Lingerie~after story~
そんなイズミの表情と言えば、私の現状を冷静に捉える様に見つめたかと思うと実に妖しくニヤリと笑って見せてくる。
そんなイズミの視界に映る私はと言えば、間抜けにも声をかけられた時の状態のままフリーズしていて、自分の両手は九条くんのそれを模した状態に自分の胸の柔らかさを掌に感じている。
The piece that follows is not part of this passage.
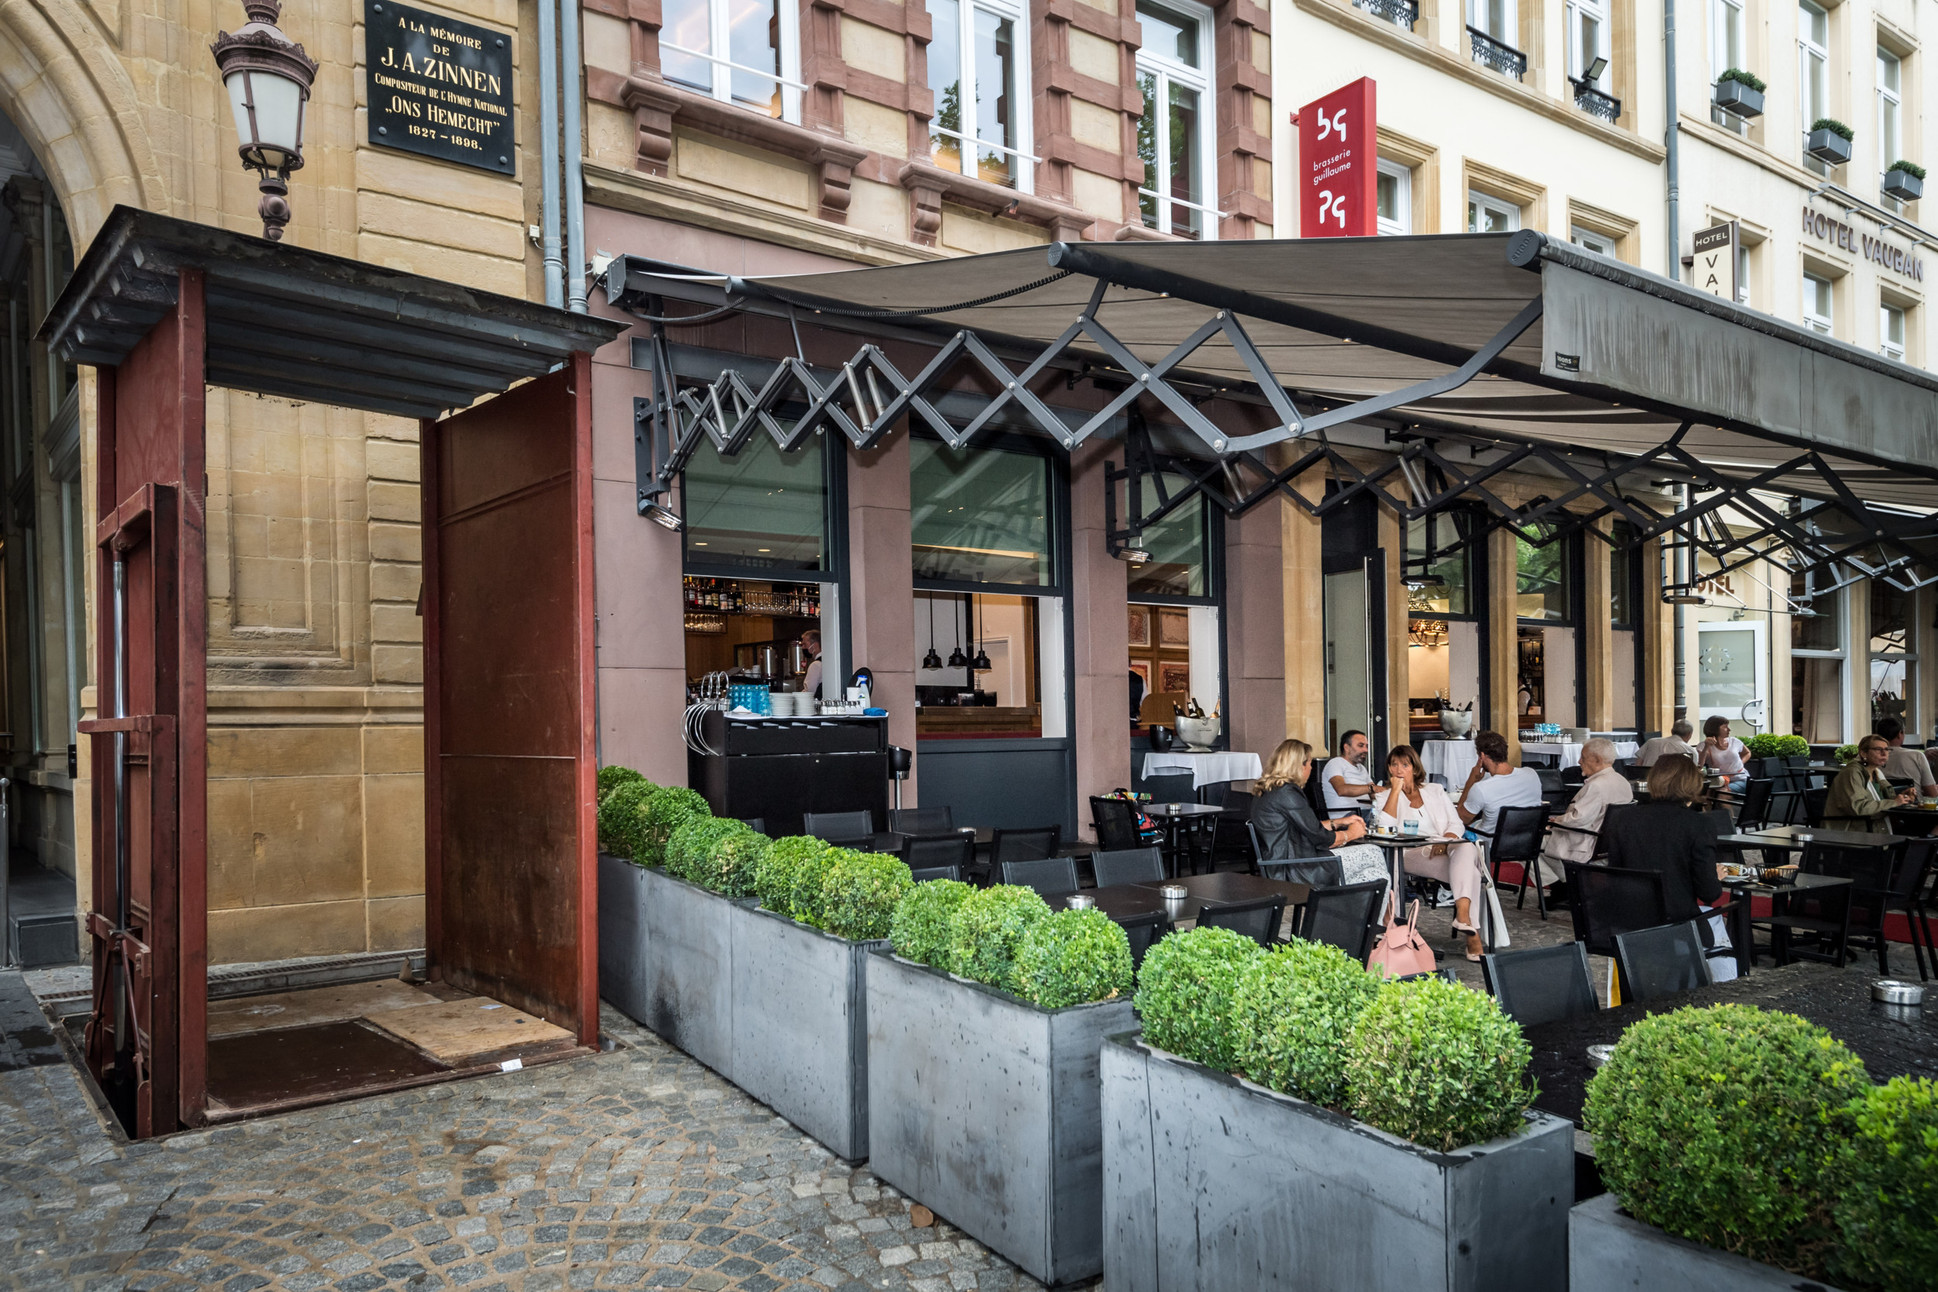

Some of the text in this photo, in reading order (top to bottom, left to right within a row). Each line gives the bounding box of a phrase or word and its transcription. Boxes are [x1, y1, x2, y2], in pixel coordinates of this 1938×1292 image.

状況としては……思春期男子のやましい秘め事と、それに遭遇した母親的な?
私の場合、遭遇したのは母親なんかより性質が悪い……
「やだ、欲求不満募って一人プ…」
「違うから!!本当に誓ってそう言うんじゃないからっ!!」
うっぎゃぁぁぁぁぁ!!!
本当に違うの!そういう感覚でこんな事したんじゃないの!!
ああ、そんなニヤついた目で見て私を追い込まないでぇぇぇ!!!
もう、穴があったら入りたい!いや、いっそ誰か私を撃ち殺してほしいくらいの醜態だ。
どんなに言い訳しても場面としては『まさに』な状態で、そんなつもりでなかったにしても、彼を想像して体に触れていたのは本当。
あっ……
「っ___死にたい、」
本当に耐え切れない。
そんな勢いで両手で顔を覆って出来る限り俯いてしまう。
だって……最悪だ。
本当に羞恥心で死んでしまいそうなくらいに熱い。
ドクンドクンと痛い程跳ねあがる心臓の音が耳の奥からなり響いている気がする。
込み上げている熱が高熱すぎて今にも頬から皮膚が焼け落ちそうで……。
「っ…見ない」
「手伝ってやろうか?」
えっ?と発言された提案の言葉に驚愕したのと、イズミの低く妖しさ孕む声音に驚愕したのはほぼ同時だったと思う。